La inteligencia artificial no decide si un proyecto debe ser aprobado. No sustituye a la Semarnat, la Sener ni la CRE. Lo que hace es eliminar fricciones innecesarias de los pasos administrativos repetitivos y con gran volumen de datos.
Por ejemplo:
• Validación automatizada de la integridad. En lugar de descubrir semanas más tarde que a un estudio de impacto ambiental le faltan componentes necesarios, los sistemas de IA pueden verificar al instante el cumplimiento de los requisitos normativos.
• Detección temprana de conflictos espaciales.
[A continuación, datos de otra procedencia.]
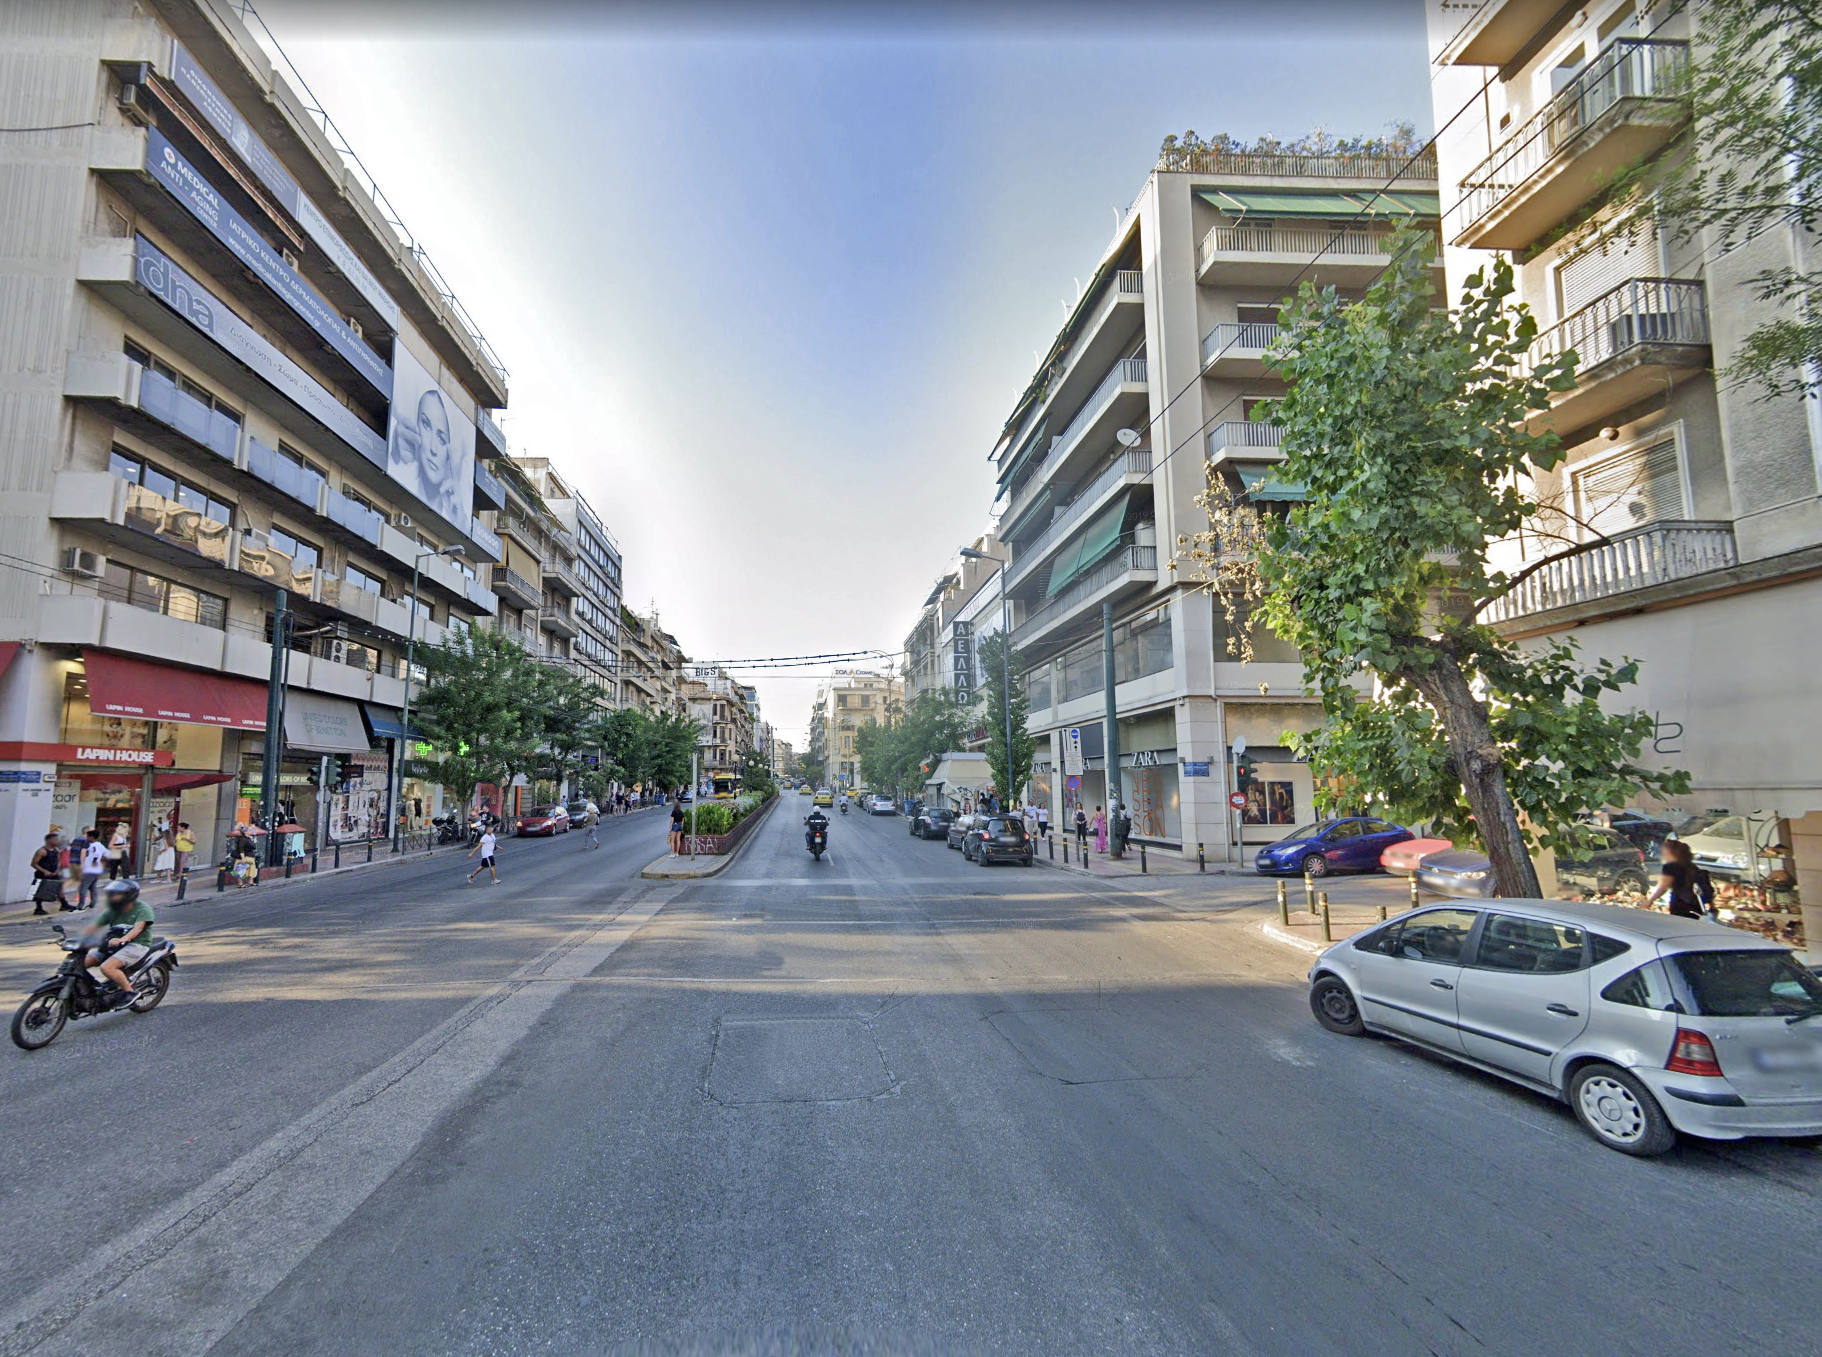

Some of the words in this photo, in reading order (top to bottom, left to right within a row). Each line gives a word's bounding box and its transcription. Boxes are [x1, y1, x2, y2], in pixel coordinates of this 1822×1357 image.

[160, 160, 182, 186] ANTI
[191, 191, 218, 221] AGING
[177, 161, 219, 210] MEDICAL
[196, 206, 218, 228] CENTER
[140, 257, 217, 336] dna
[229, 219, 260, 253] ΙΑΤΡΙΚΟ
[260, 249, 290, 283] ΚΕΝΤΡΟ
[290, 276, 341, 335] ΔΕΡΜΑΤΟΛΟΓΙΑΣ
[956, 623, 968, 703] ΑΕΛΛΩ
[76, 747, 114, 761] LAPIN
[116, 750, 154, 763] HOUSE
[1132, 750, 1160, 767] ZARA
[1133, 813, 1166, 839] SON
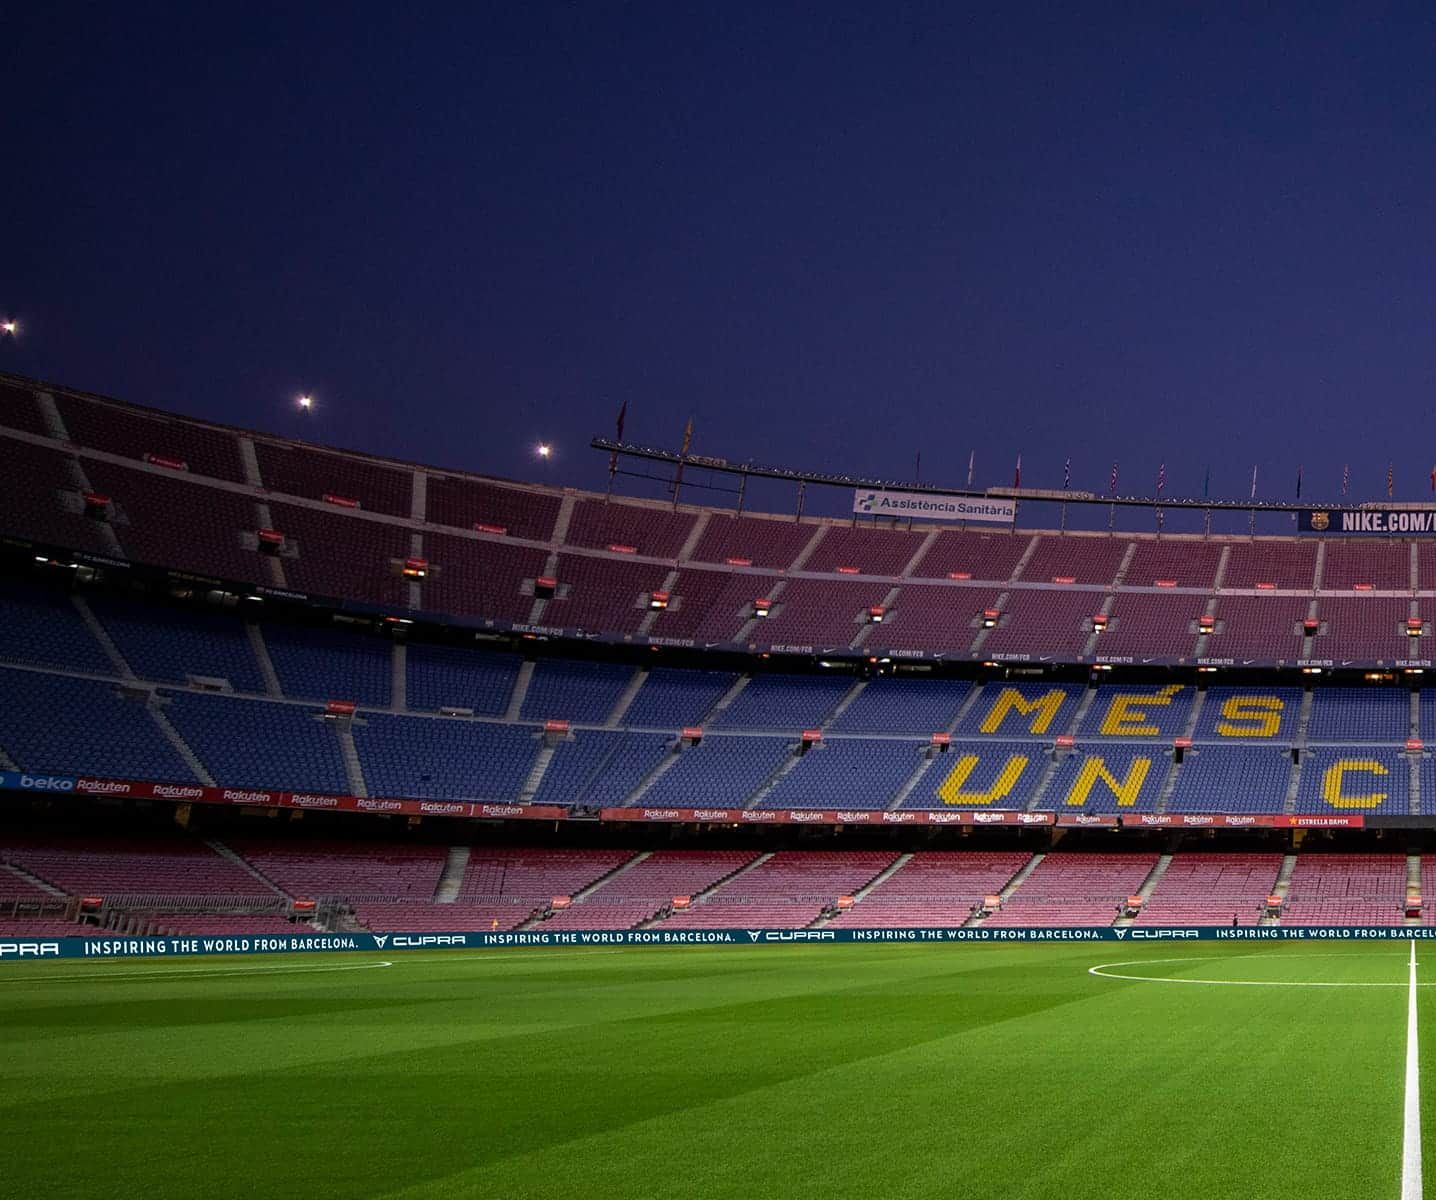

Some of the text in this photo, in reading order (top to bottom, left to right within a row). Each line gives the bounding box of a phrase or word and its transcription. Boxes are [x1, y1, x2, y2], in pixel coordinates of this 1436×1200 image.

[880, 497, 1013, 516] Assistència Sanitària
[981, 685, 1284, 738] MÉS
[20, 775, 73, 790] beko
[939, 757, 1150, 806] UN
[76, 780, 130, 794] Rakuten
[153, 784, 204, 798] Rakuten
[223, 790, 270, 802] Rakuten
[292, 794, 338, 806] Rakuten
[420, 802, 464, 814] Rakuten
[482, 804, 523, 816] Rakuten
[644, 810, 679, 820] Rakuten
[694, 810, 728, 820] Rakuten
[742, 810, 776, 820] Rakuten
[790, 811, 824, 820] Rakuten
[837, 812, 869, 822] Rakuten
[883, 812, 915, 822] Rakuten
[929, 813, 960, 822] Rakuten
[1142, 814, 1171, 824] Rakuten
[1184, 815, 1214, 824] Rakuten
[1226, 815, 1256, 824] Rakuten
[484, 932, 736, 945] INSPIRING THE WORLD FROM BARCELONA.
[765, 931, 835, 941] CUPRA
[852, 930, 1103, 940] INSPIRING THE WORLD FROM BARCELONA.
[1131, 929, 1199, 939] CUPRA
[1216, 929, 1278, 938] INSPIRING
[1281, 929, 1305, 938] THE
[1308, 929, 1351, 938] WORLD
[1354, 929, 1387, 938] FROM
[392, 935, 466, 946] CUPRA
[84, 937, 359, 955] INSPIRING THE WORLD FROM BARCELONA.
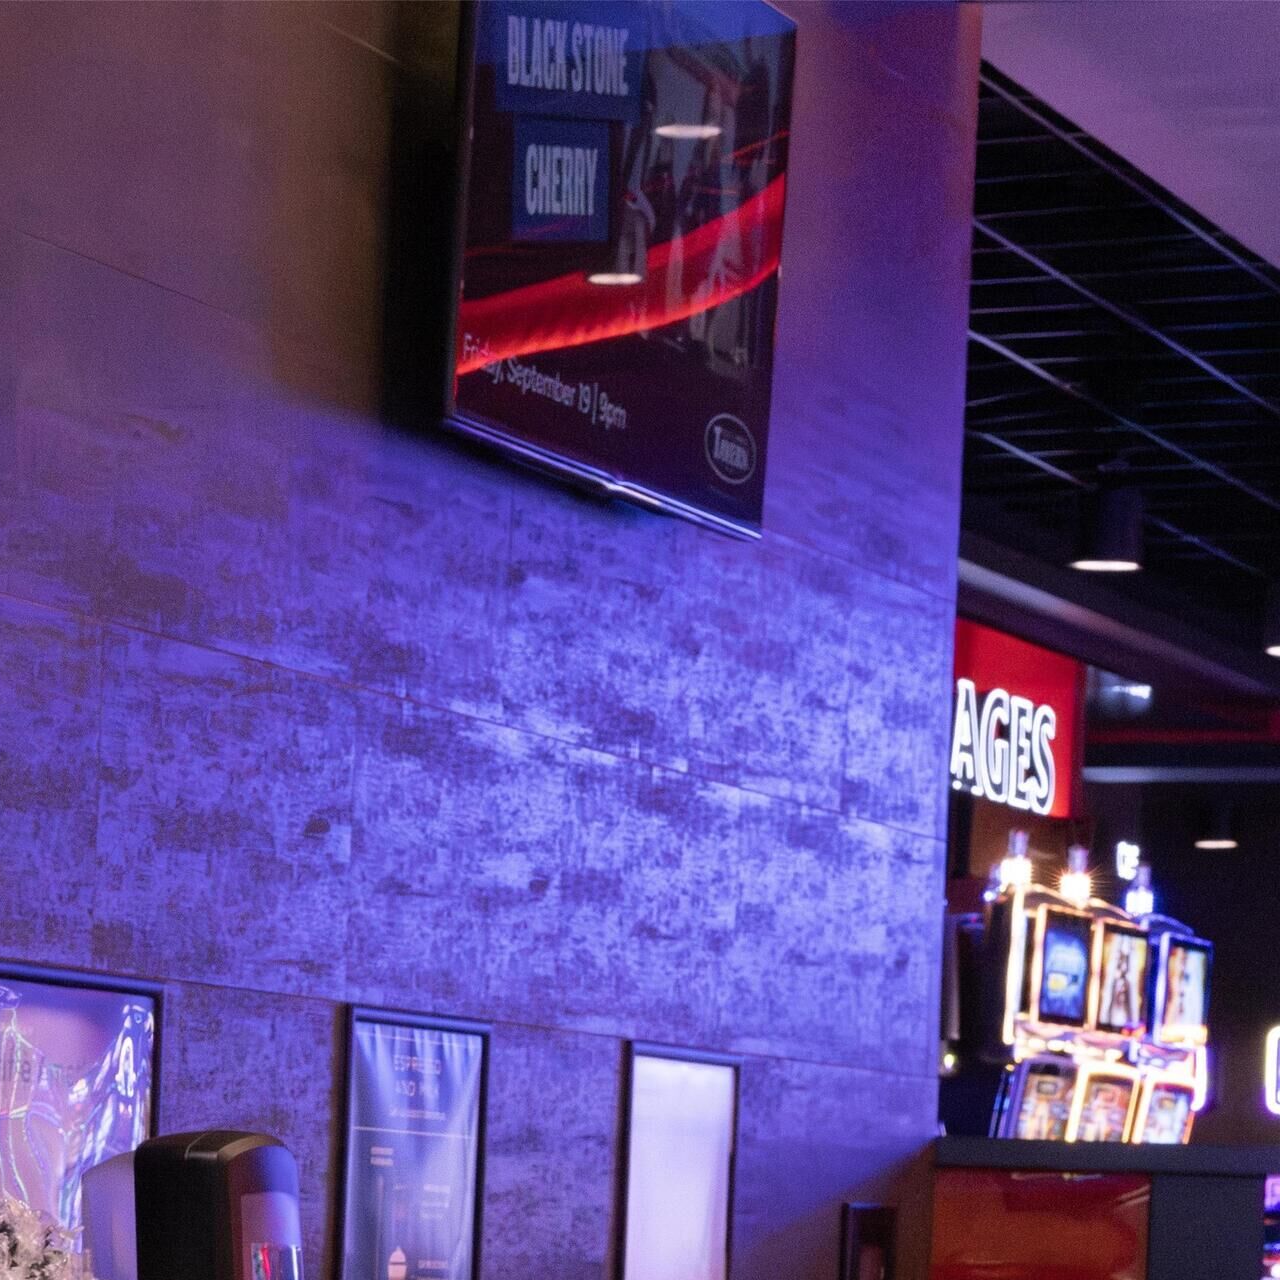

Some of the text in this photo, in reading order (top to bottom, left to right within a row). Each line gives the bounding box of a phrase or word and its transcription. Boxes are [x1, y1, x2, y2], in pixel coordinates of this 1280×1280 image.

[507, 15, 630, 96] BLACK STONE
[525, 143, 599, 216] CHERRY
Antes de la presentación formal, los emplazamientos propuestos pueden analizarse en relación con las áreas protegidas, los indicadores de estrés hídrico, las zonas de biodiversidad y los mapas del patrimonio cultural, lo que reduce el rediseño en fases avanzadas.
• Procesamiento de comentarios públicos. Los proyectos importantes pueden generar miles de comentarios de los ciudadanos. La IA puede agrupar, categorizar y resumir los comentarios en cuestión de horas en lugar de meses, lo que permite a las agencias centrarse en la revisión sustantiva.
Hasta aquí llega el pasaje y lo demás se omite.